Fidel, his wife, Raquel, and their young son, Tenoch, returned three weeks ago from a visit to Mexico, where they stayed with Fidel’s family and toured the ancient pyramids at Teotihuacán. Fidel tries to visit Mexico at least once a year. Raquel is originally from Puerto Rico, so the family travels there as well. Fidel’s dream is to take his family to India to see the Himalayas. I’m not surprised by this dream; Fidel is a worldly man, a person who understands the importance of appreciating and learning from other cultures. He is an artist at heart, and the beauty of India’s landscape, food, and music appeal to him much like the vibrant culture of New Mexico did years ago. Traveling is most difficult for him during the peak growing season, which is during the school year. The greenhouses allow him to grow year-round, though, unlike most New Mexican farmers. The summer heat can be brutal, but he says proper attention and preventative steps like growing drought-resistant crops and providing extra water or shade can mitigate those problems. If he stops growing, it’s only because he wants to take a break during the slower months.
Traveling is something Fidel can better afford now that his business is generating profit. He survived the three-year waiting period that comes with organic certification, and every year his crops are more productive as his knowledge grows. “The first three years, it was a challenge for me,” he says. “As far as I understood when they were training me, they told me right away, ‘If you put good energy into what you are doing, you are going to see results in the next four or five years. It’s going to take you awhile. You are not going to see money right away. You’re going to make money enough to pay your bills, but a good profit is going to take four or five years.’ This is going to be my fifth. So by now I can tell you that last year I had really good production and I expect this year is going to be more than that. I can just tell you by my experience, even if it’s a short experience, it’s a beautiful way of living economically speaking if you pay attention to what you have to do. Agriculture in general is a good way of life.”
The farmer-to-farmer training program sponsored by the American Friends Service Committee purchased most of what Fidel grew that first year so that he had a consistent market. The program also helped pay for the greenhouses, a rototiller, and a raking machine, and mentors like Bustos provide continuing support. Practical farming knowledge, Fidel says, was the most valuable thing he gained from the program and his mentors. They didn’t just swoop in and set him up with equipment and seeds, then disappear. The program lasted a full year. The training was hands-on and personal. Students and teachers stay in touch, see each other around. The program also created a community of like-minded regenerative farmers, an invaluable resource in a world where agriculture classes and resources overwhelmingly service conventional farmers. I’m reminded of the Chinese proverb, “Give a man a fish and you feed him for a day. Teach a man to fish and you feed him for a lifetime.” The program taught Fidel and others how to fish for the long-term.

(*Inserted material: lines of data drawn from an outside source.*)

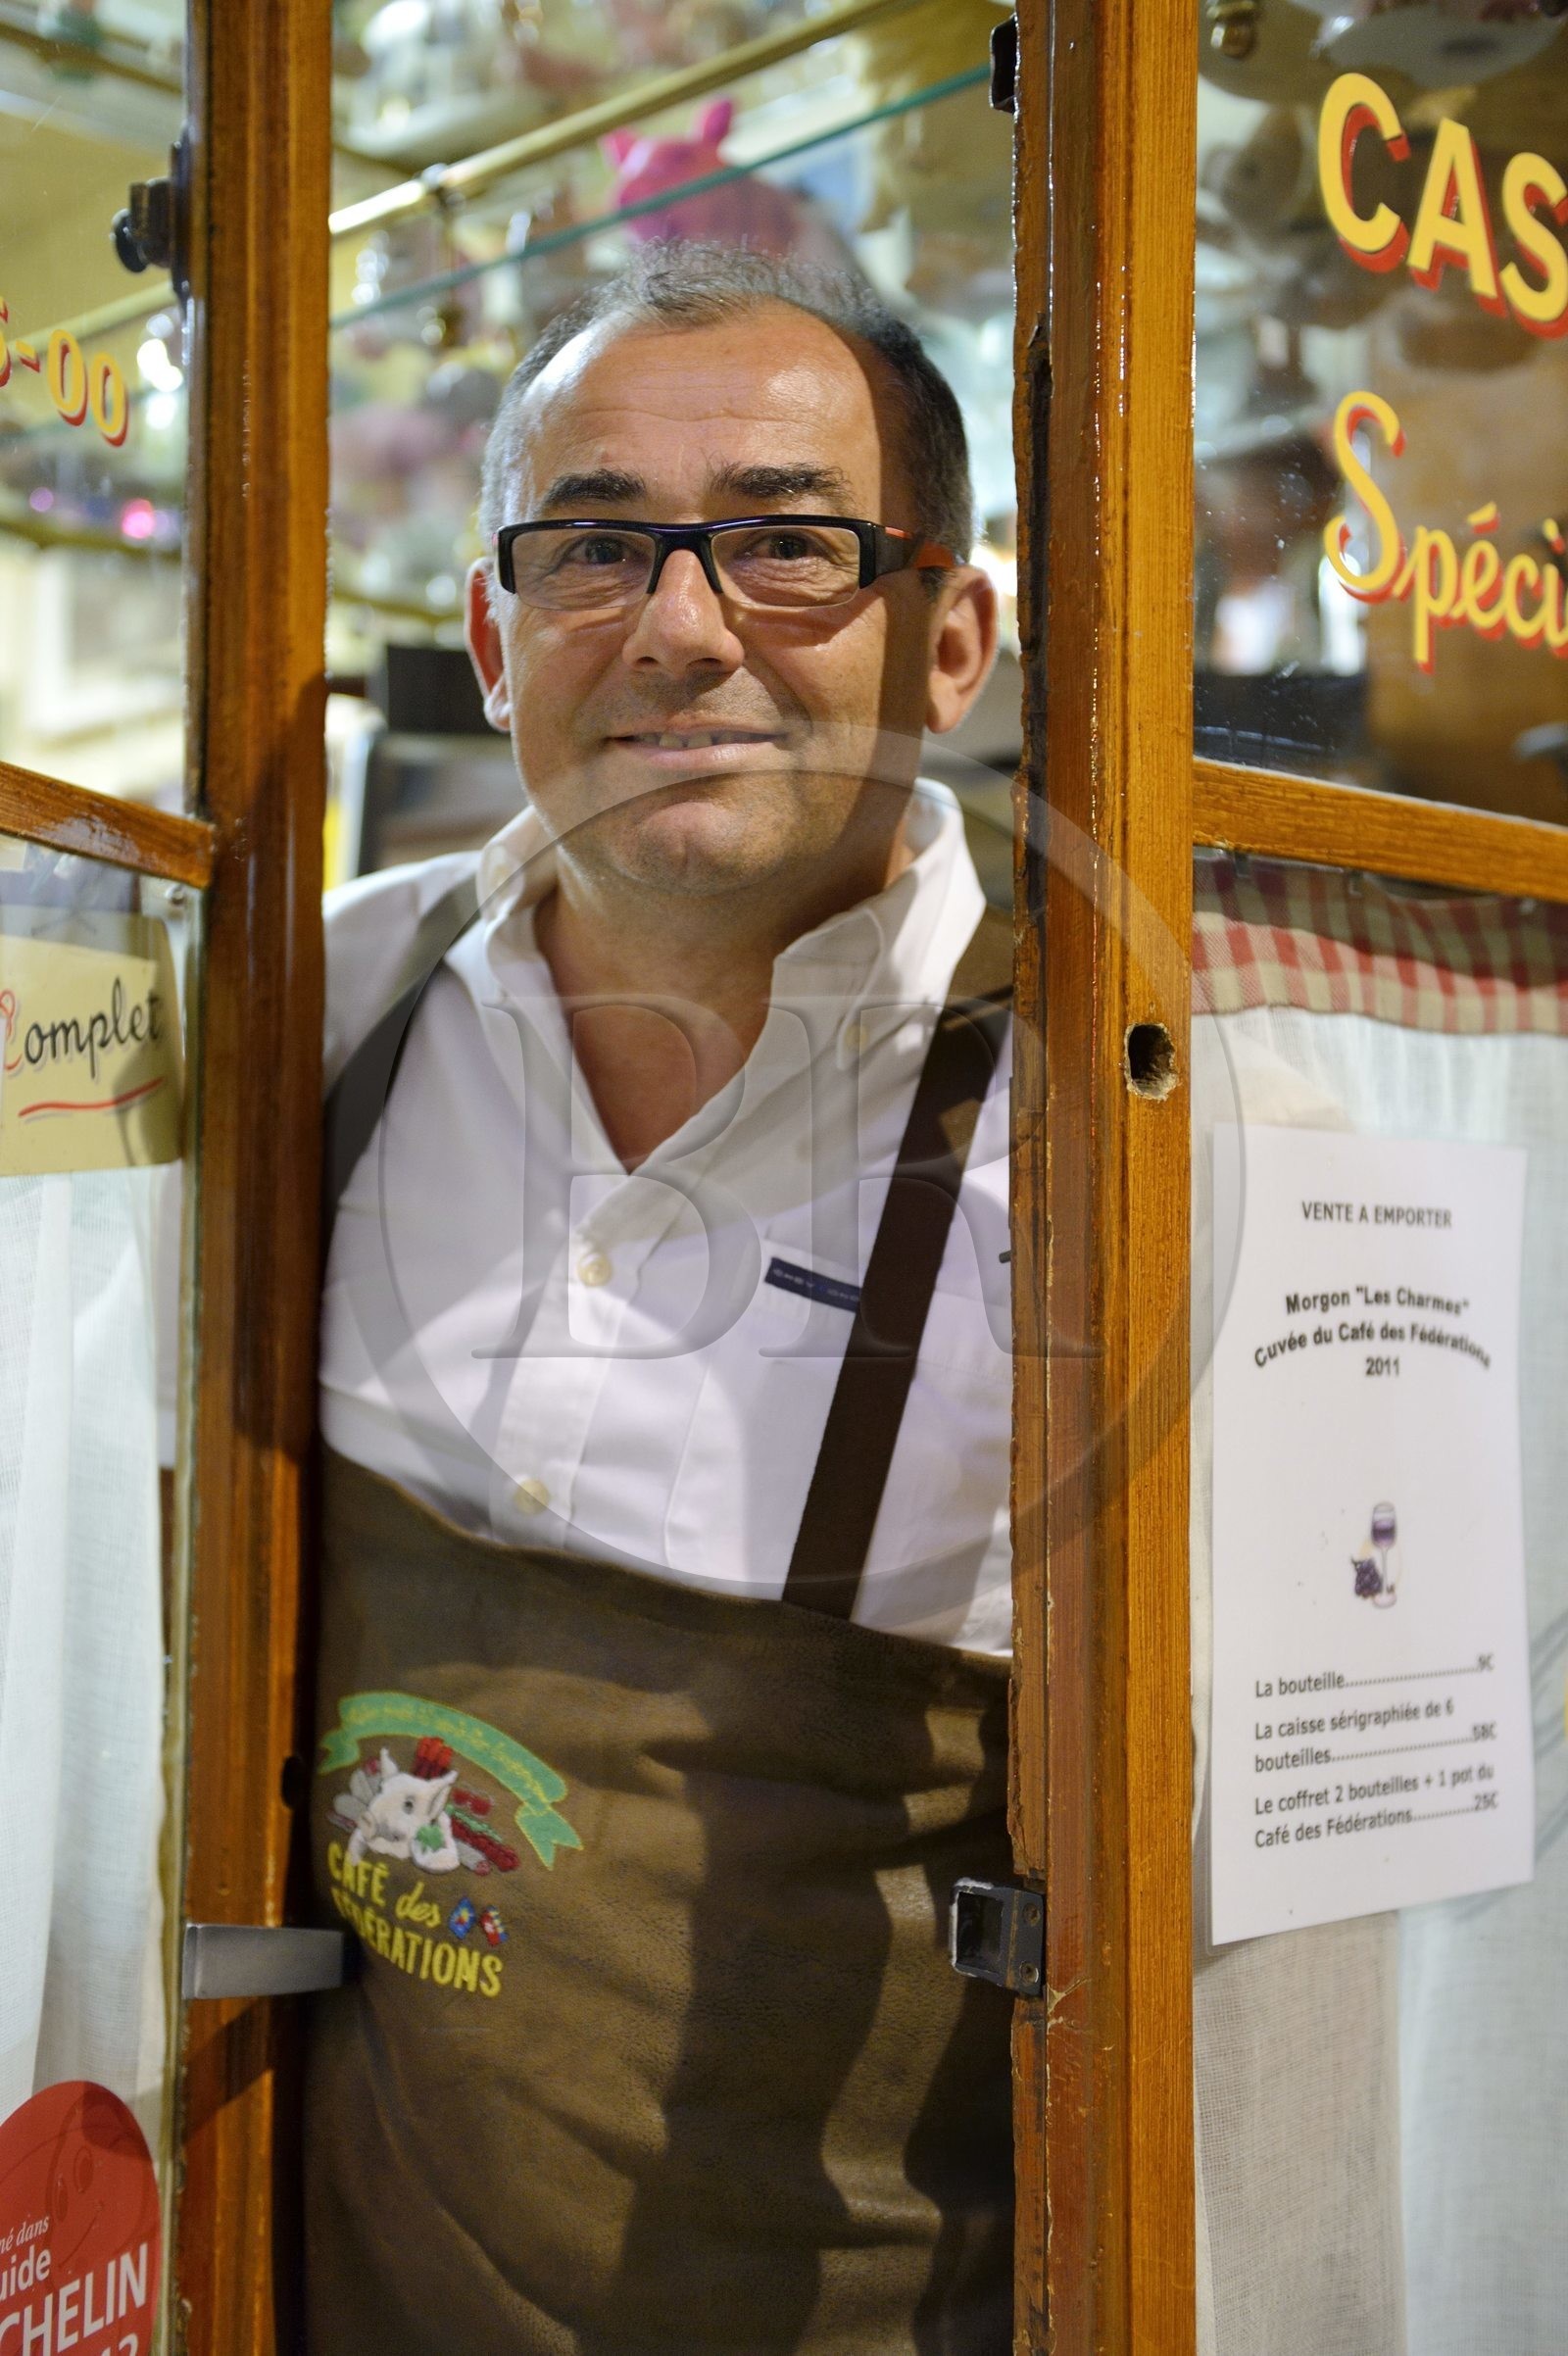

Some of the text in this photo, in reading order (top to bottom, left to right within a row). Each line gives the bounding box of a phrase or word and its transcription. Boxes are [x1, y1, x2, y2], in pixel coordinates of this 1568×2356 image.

[1318, 73, 1568, 338] CAS
[1301, 1201, 1452, 1229] VENTE A EMPORTER
[1285, 1284, 1469, 1316] Morgon "Les Charmes"
[1253, 1321, 1491, 1370] Cuvée du Café des Fédérations
[1364, 1355, 1399, 1377] 2011
[1254, 1680, 1273, 1698] La
[1254, 1696, 1455, 1741] La caisse sérigraphiée de 6
[1254, 1797, 1273, 1815] Le
[1278, 1789, 1330, 1813] coffret
[1335, 1785, 1345, 1804] 2
[1348, 1775, 1420, 1802] bouteilles
[1439, 1770, 1447, 1789] 1
[1451, 1766, 1474, 1790] pot
[1478, 1763, 1495, 1781] du
[1254, 1823, 1291, 1849] Café
[1295, 1822, 1322, 1842] des
[327, 1841, 441, 1928] CAFÉ des
[16, 2216, 50, 2247] dans

But the greatest gift of all came later: personal fulfillment. Farming was just a job at first, he says. It’s way more than that now. “Now I wake up every day and I feel good going out working in the greenhouse, preparing the seeds. I feel that satisfaction when I see my son eating what I plant,” he says. “I remember the first time we gave him chard and collard greens. When I see my family eating what I plant, I feel the satisfaction.”
His days are split two ways now: agriculture in the morning, family in the afternoon and evening. “I want to be there with my son and watch him grow,” he says. A typical day starts with farm work from about 6:00 a.m. to 1:00 or 2:00 p.m. Fidel takes a break, then plays with his son, practices for upcoming shows, or works on recordings. He performs a music gig once a month or so. He wouldn’t trade farming for the musician’s life now, he says, even though music is still an important part of his identity. He’s found another way of feeling alive. “You need to touch the soil, you need to smell it,” he says. “Sometimes when we are harvesting, I just grab the carrots—for some reason I like the mix of the carrots and soil, maybe because of the sweetness of the carrots and how they smell—and you feel like, ‘Wow, this is life for real, man.’ I’m not saying what other people do is not life, it’s just that it means more for me what I’m doing now than what I used to do before.”

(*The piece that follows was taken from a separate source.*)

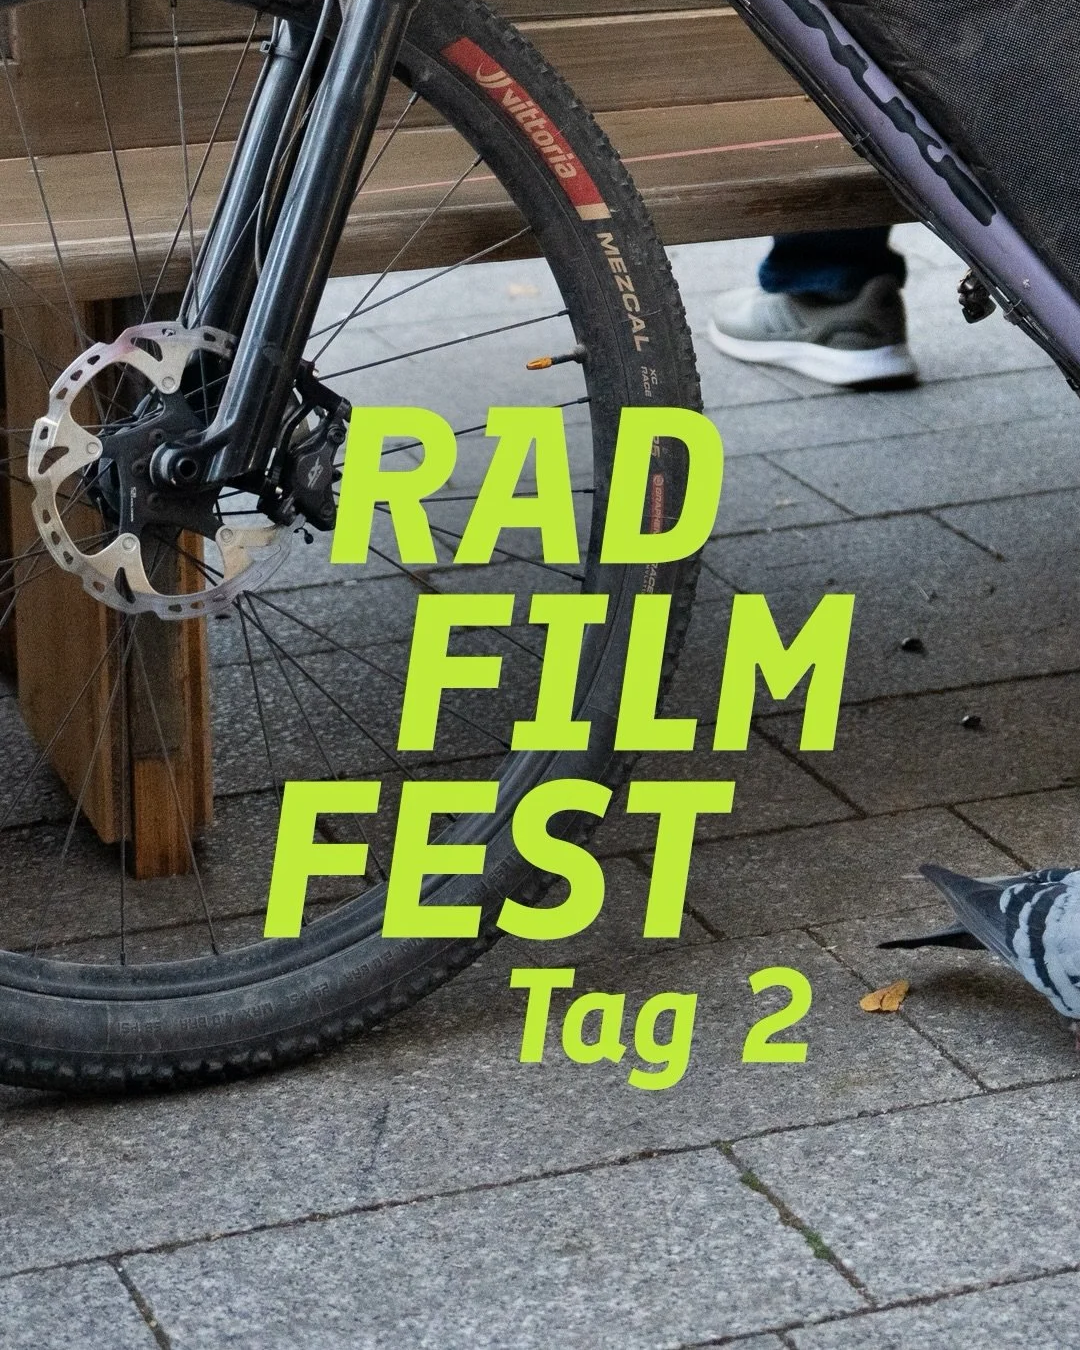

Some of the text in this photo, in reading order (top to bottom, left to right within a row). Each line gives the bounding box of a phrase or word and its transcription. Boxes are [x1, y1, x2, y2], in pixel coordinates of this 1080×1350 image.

This is what’s been lost for many because of industrial farming, what farmers and ranchers desperately need to feel again: a connection with the land. That this is life for real, man. Industrial farming demands that farmers set aside feelings and focus on numbers, profit, yield per acre. This approach makes farmers simple producers, not stewards. People become machines: replaceable by other machines, dispensable, their job secure only as long as they are mechanically necessary.1 They are bodies inside tractors that inject GM seeds into chemically sterilized soil. They are not men and women who feel joy at the smell of carrots and soil mixed together.
I tell Fidel it sounds like he sees agriculture as a spiritual experience. He says yes, that agriculture is part of what it means to be human. “I do see agriculture as a way of life, a way of living,” he says. “Agriculture means everything in life. Everything comes from agriculture. We are talking about social, political, artistic, religious, whatever, anything.” Having food allows a society to create art, contemplate philosophy, make music, discuss politics, things that aren’t directly connected to physical survival. I hear an echo of Phil in Fidel’s words. If we don’t do our job right, there isn’t room for others.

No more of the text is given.